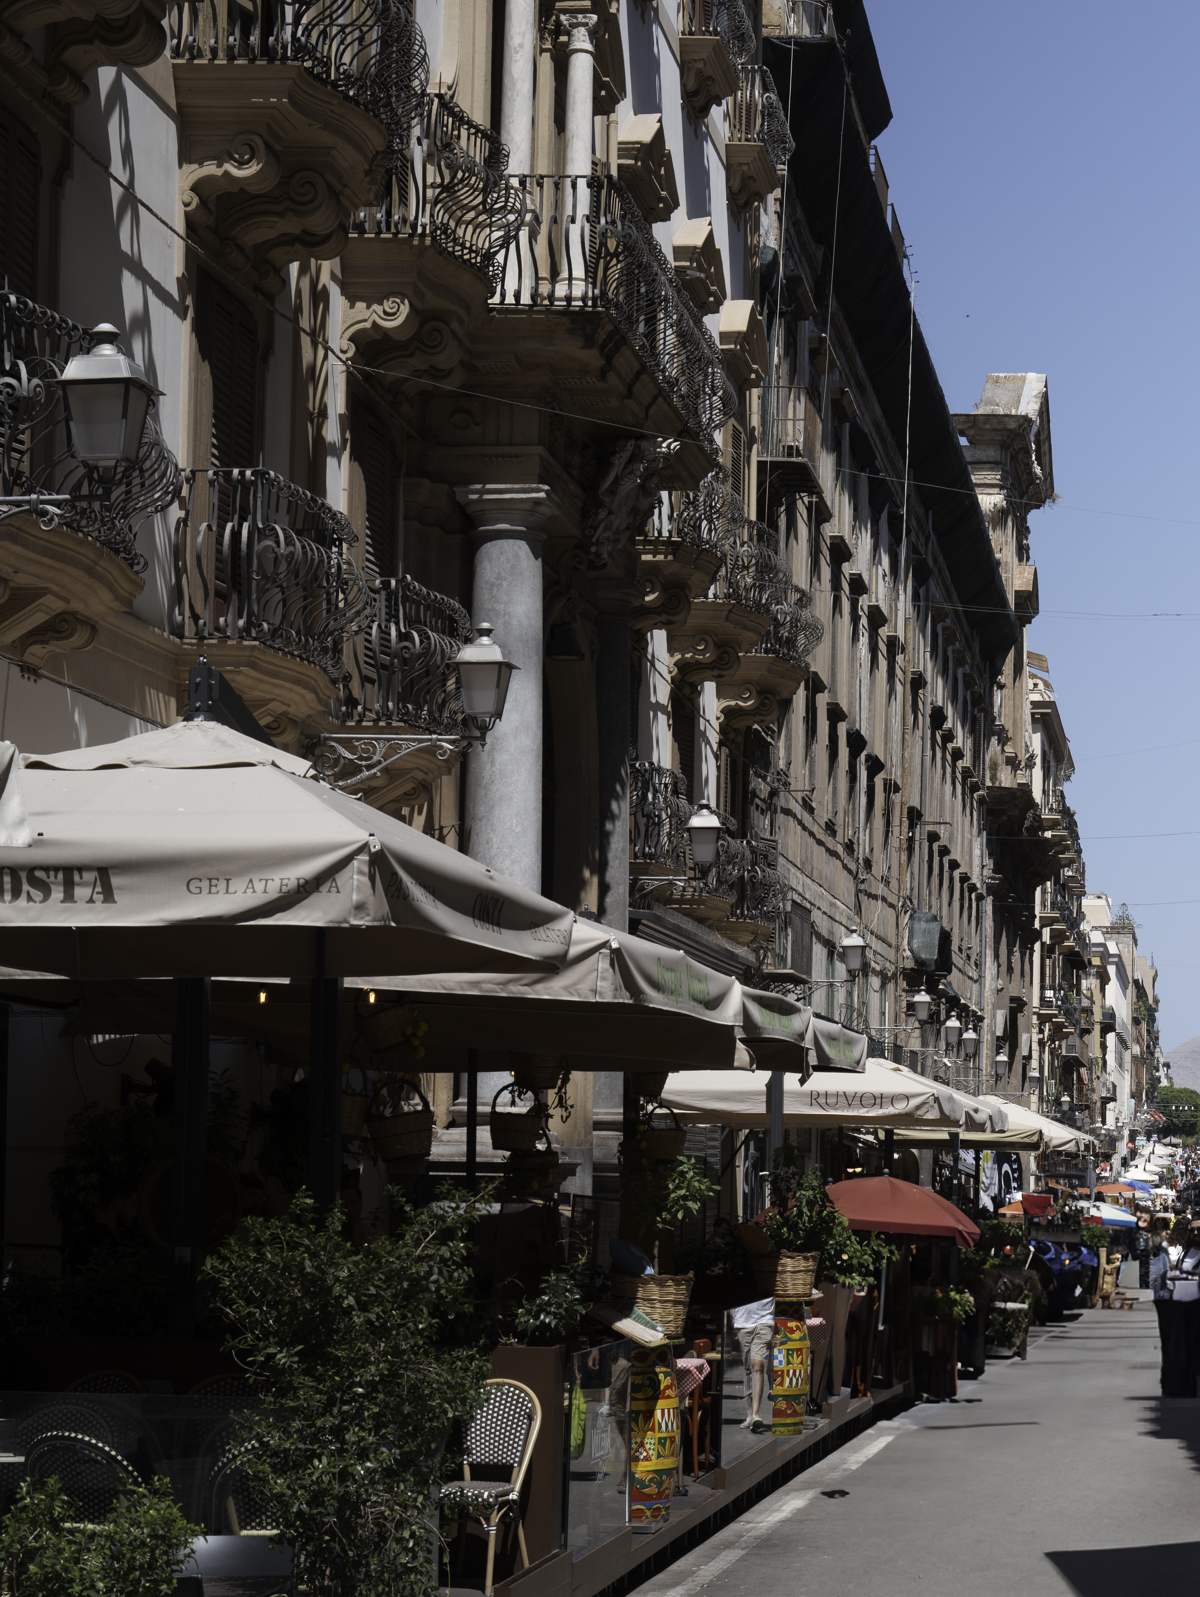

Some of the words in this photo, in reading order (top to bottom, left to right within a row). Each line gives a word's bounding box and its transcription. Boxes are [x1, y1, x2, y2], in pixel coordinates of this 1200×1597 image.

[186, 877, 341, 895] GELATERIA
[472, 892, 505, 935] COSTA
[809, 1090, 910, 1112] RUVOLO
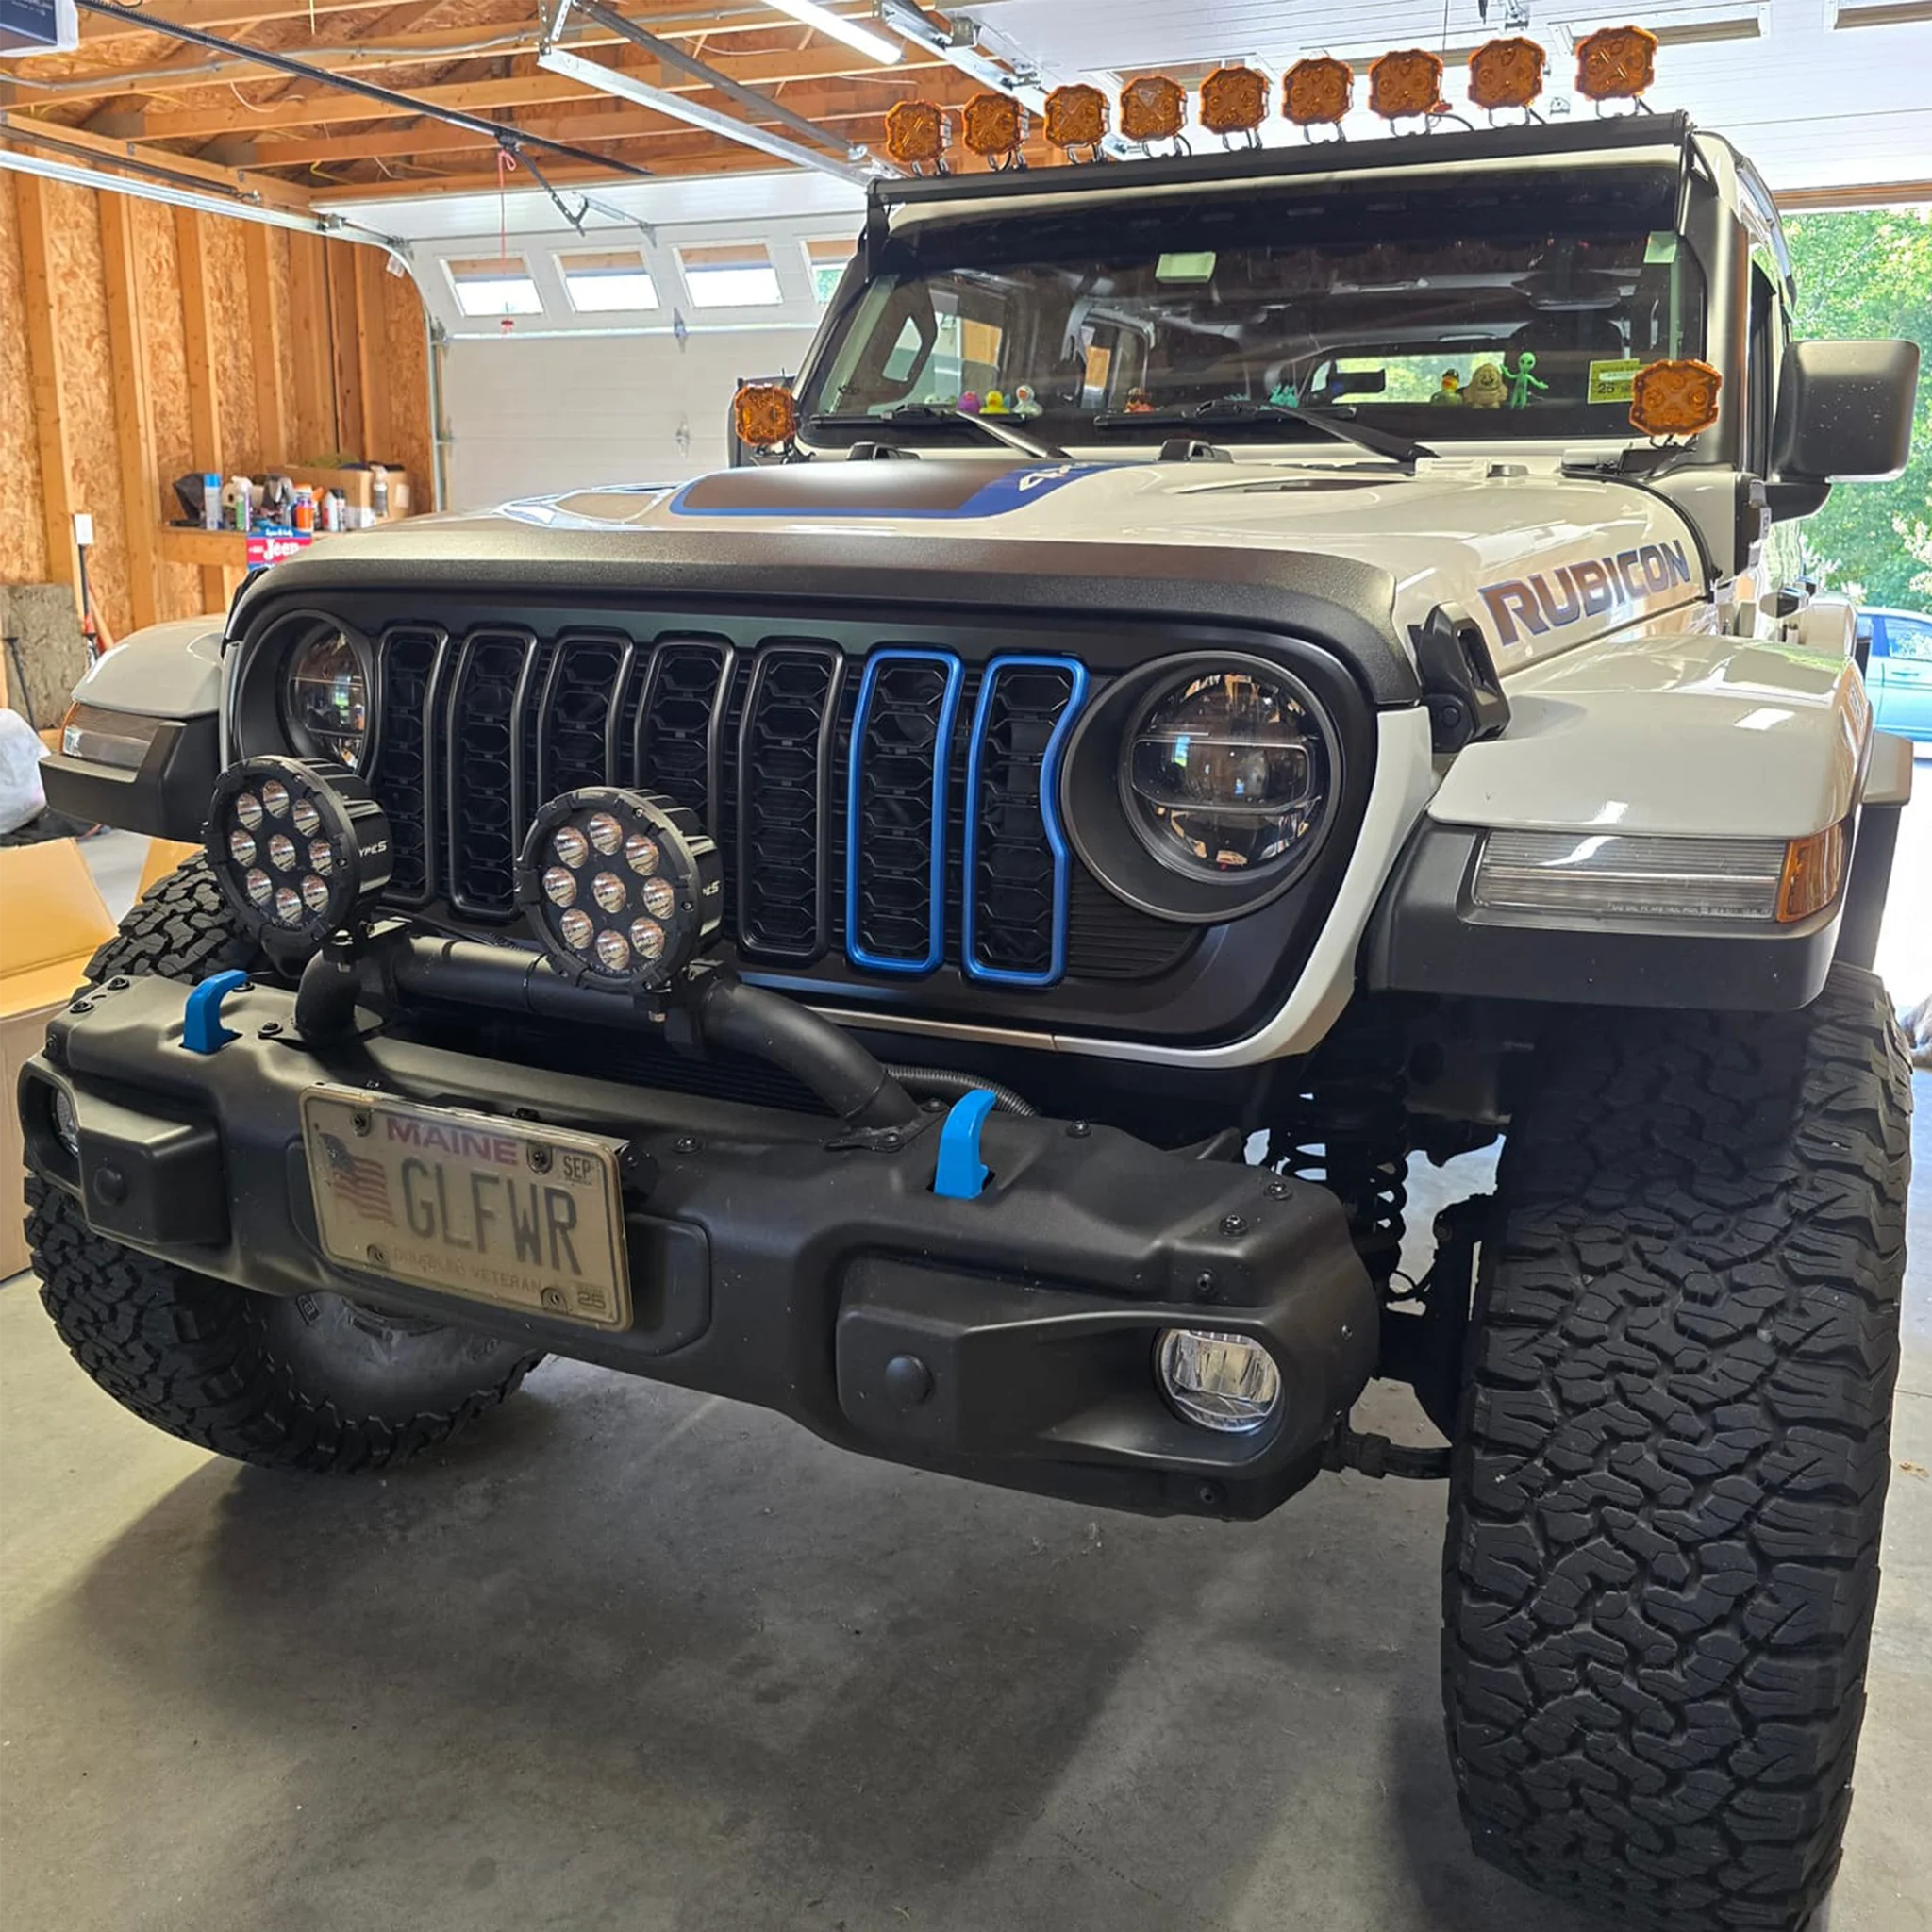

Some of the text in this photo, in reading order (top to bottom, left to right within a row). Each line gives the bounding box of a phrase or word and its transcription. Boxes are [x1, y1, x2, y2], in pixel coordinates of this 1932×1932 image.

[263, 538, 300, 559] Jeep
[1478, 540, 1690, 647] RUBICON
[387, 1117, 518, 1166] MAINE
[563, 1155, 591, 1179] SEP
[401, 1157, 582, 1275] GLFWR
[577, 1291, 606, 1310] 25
◇ ◇ ◇ ◇ ◇ ◇ ◇
• [What you will do]: Hand back the records above exactly, leaving out every picture.

• [Result]:
Some of the words in this photo, in reading order (top to bottom, left to right within a row). Each line gives a word's bounding box and its transcription. Boxes are [x1, y1, x2, y2], in pixel coordinates of this 1200×1597 image.

[186, 877, 341, 895] GELATERIA
[472, 892, 505, 935] COSTA
[809, 1090, 910, 1112] RUVOLO

Some of the text in this photo, in reading order (top to bottom, left to right within a row). Each line gives the bounding box of a phrase or word and its transcription. Boxes are [x1, y1, x2, y2], in pixel coordinates of this 1932×1932 image.

[263, 538, 300, 559] Jeep
[1478, 540, 1690, 647] RUBICON
[387, 1117, 518, 1166] MAINE
[563, 1155, 591, 1179] SEP
[401, 1157, 582, 1275] GLFWR
[577, 1291, 606, 1310] 25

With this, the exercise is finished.